En las crisis, el miedo está lejos de ser el mejor aliado: nos nubla la vista, nos impide ver “más allá” de lo que nos asusta, nos estremece, nos espanta, nos paraliza. “De lo que tengo miedo es de tu miedo”, es la fórmula que enmarca la irrespirable atmósfera en que Shakespeare envuelve todo el denso diálogo entre los Macbeth antes del horrendo crimen porque el miedo, llevado al extremo, tiene capacidad para empobrecer el alma, desbordar los diques de la mesura, abatir los muros de la razón y liberar los instintos más bestiales. Giacomo Leopardi lo decía muy poéticamente: “No temas a la prisión, ni a la pobreza ni a la muerte: teme únicamente al miedo”. Y sin embargo un lugar de privilegio entre todos los miedos siempre lo ha ocupado el miedo a la muerte que hay detrás de toda enfermedad y hoy se ha enseñoreado de nosotros. En su “Historia de la muerte”, el historiador francés Philippe Ariès demostró que la relación entre los occidentales y la muerte ha cambiado significativamente desde el siglo XIX porque hasta entonces había sido una compañera de confianza durante casi dos milenios. Se la veía como una parte aceptada de la vida por su condición de inevitable pero, según Ariès, el hombre moderno ha reprimido la muerte y la ha alejado, silenciado y ocultado obedeciendo a los mandatos del miedo. Es que, en el fondo, la muerte no tiene espacio en una sociedad desencantada y orientada al rendimiento.
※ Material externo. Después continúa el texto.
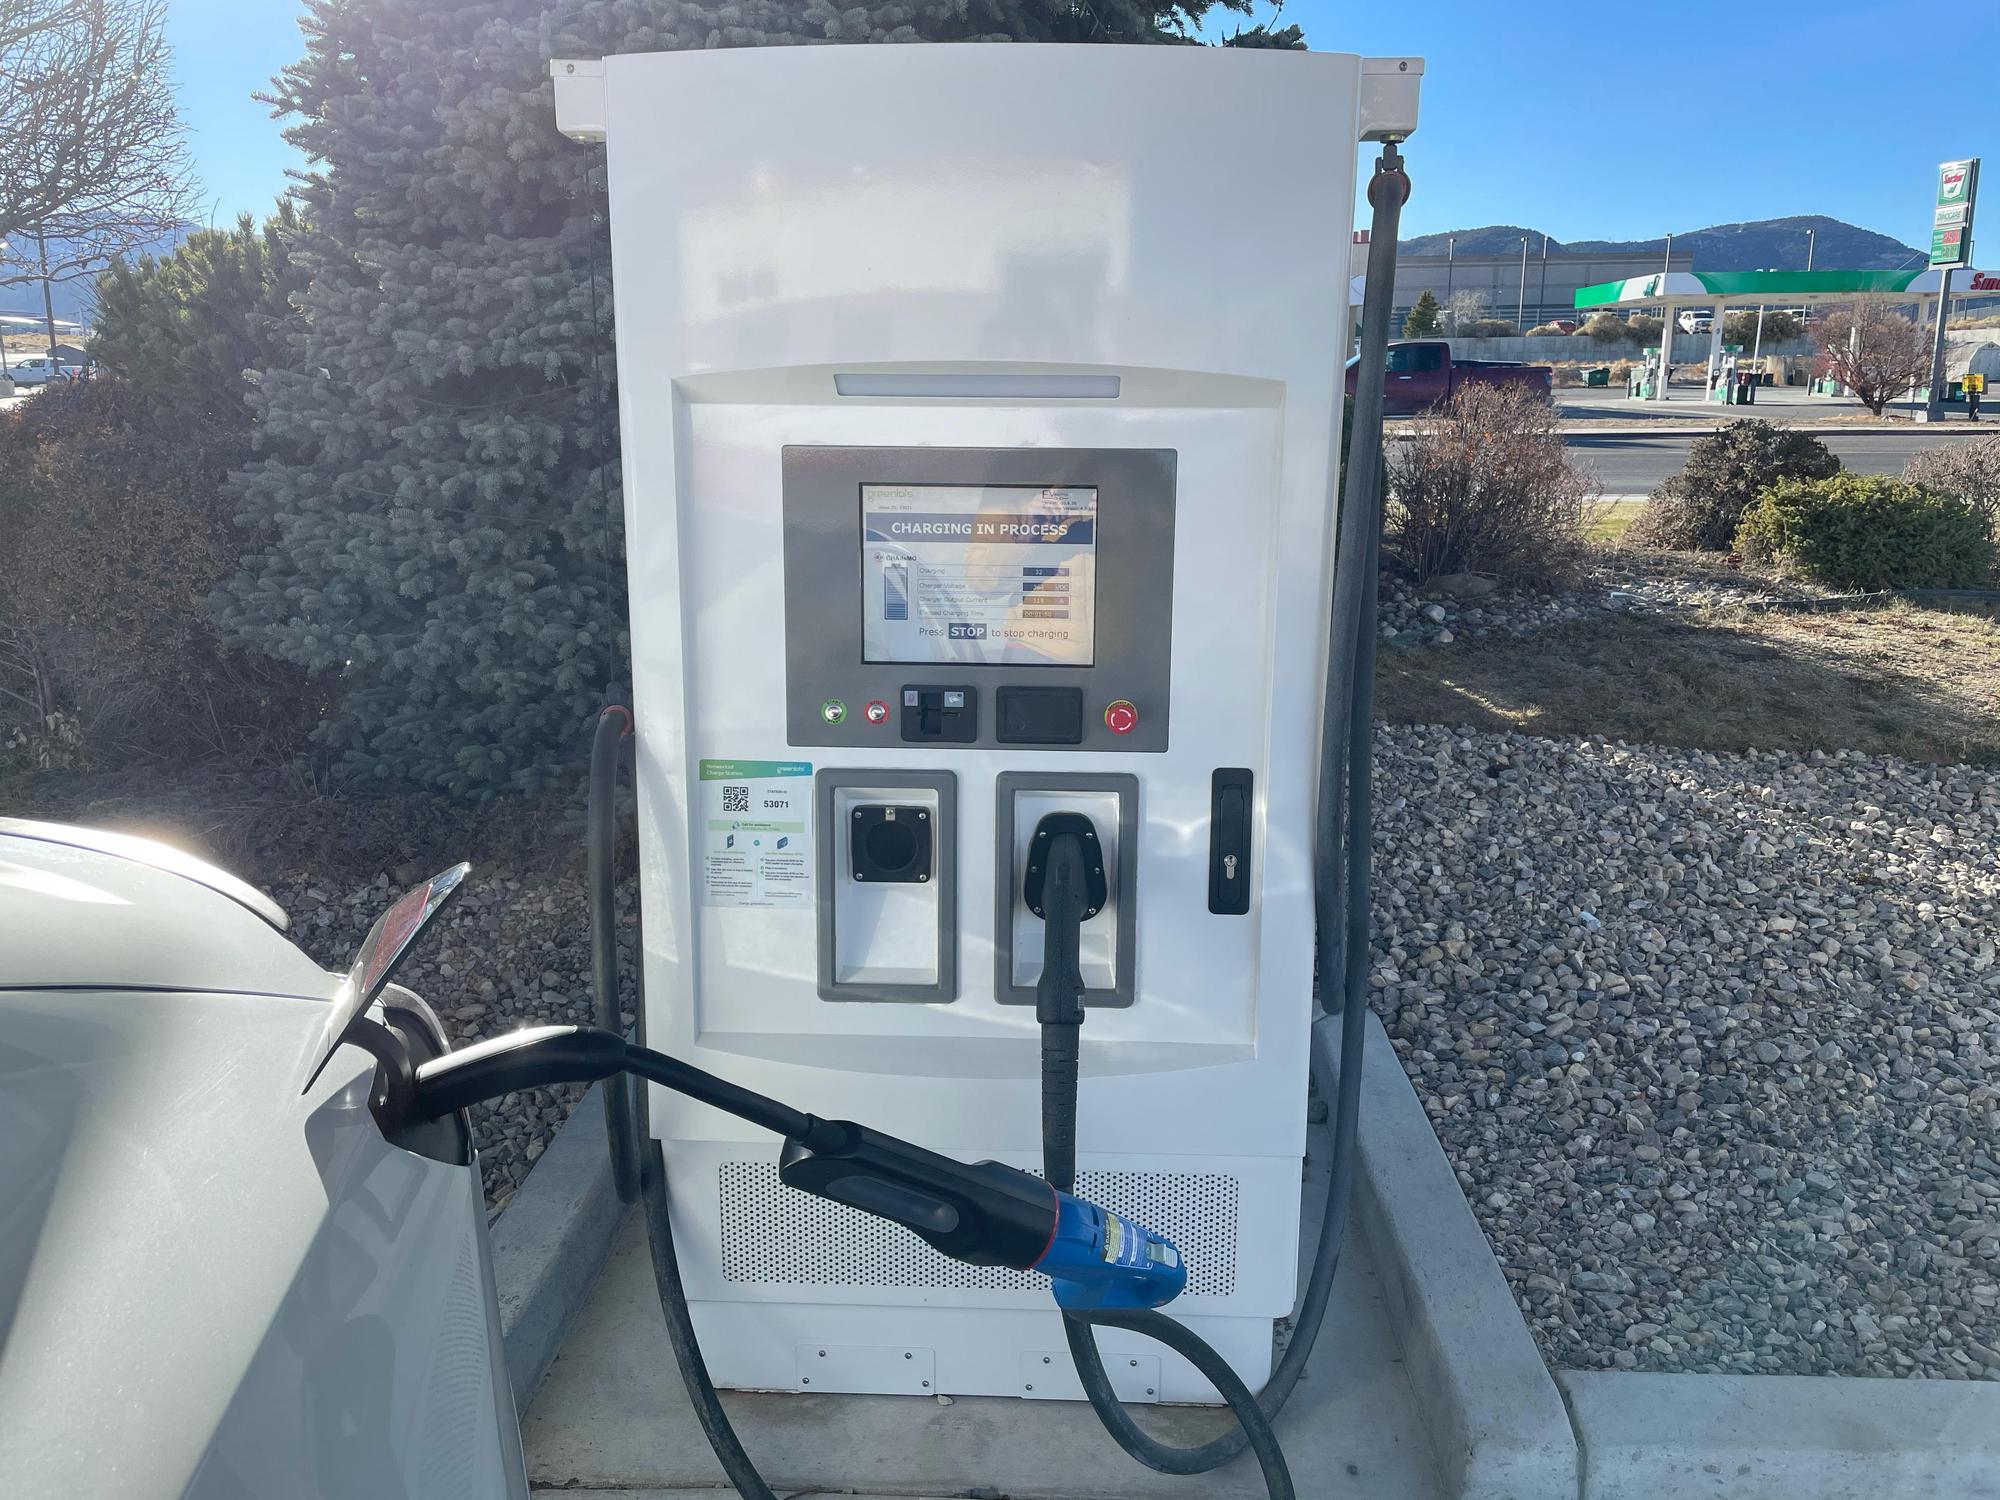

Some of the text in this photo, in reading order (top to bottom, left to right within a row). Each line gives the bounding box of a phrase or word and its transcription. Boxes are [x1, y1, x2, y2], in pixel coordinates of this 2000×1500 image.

Según La Rochefoucauld, ni el sol ni la muerte se pueden mirar cara a cara y este temor, este afán de exorcizar el tránsito a lo desconocido es tan antiguo como el hombre mismo. Por eso Edgar Morin, en “El hombre y la muerte”, sostiene que la conciencia de la mortalidad provocó en el animal humano la necesidad de tener fe en una vida ultraterrena, un salvavidas al que aferrarse en ese océano de angustia extrema que produce la certeza inapelable de nuestra finitud y la evidencia de la aniquilación individual. Una y otra cosa, el deseo de inmortalidad y la devastación física, están íntimamente ligadas. No existe la una sin la otra.

El hombre del Paleolítico se encerraba en las cuevas para invernar y vivía una existencia tribal con el permanente temor a las fieras y los extraños, y así y todo no le era ajeno el miedo al contagio, a la putrefacción que produce la muerte y de él nació la necesidad de aislar a los difuntos de la comunidad de los seres vivos. Este sentimiento, que persiste hasta nuestros días, de pronto se hace muy patente en las desiertas calles de nuestras ciudades desoladas en las que los escasos transeúntes evitan, a veces son excesiva ampulosidad, la cercanía de sus congéneres. Se percibe en las imágenes de las macabras y nocturnas caravanas funerarias al cementerio de Bérgamo, en las fosas comunes de Nueva York y en los ataúdes de cartón de Quito. Ese pavor a la infección que se atribuye a la muerte es el mismo sentimiento que tenían nuestros antecesores de hace decenas de miles de años, que eran muy conscientes de la fragilidad de la existencia humana, aunque ignoraban que convivían con los virus y las bacterias.

Y aquí estamos; al final no hemos cambiado demasiado, nuestra herencia genética, nuestro cuerpo, los procesos y mecanismos de nuestra psique (ya conscientes, ya inconscientes) y nuestros miedos son los de antaño y como antaño también de esta saldremos a flote. Es solo cuestión de tiempo.

A pesar de que, por el momento, nos acongoje la ansiedad, nos quebrante la tristeza y nos turbe pensar que la tecnología y el progreso, esas fantasías sobrevaloradas por el “homo modern” hasta el endiosamiento, esas divinales herramientas forjadas entre algoritmos en la fragua de un improbable Vulcano globalizado e informático, no nos protegen de casi nada.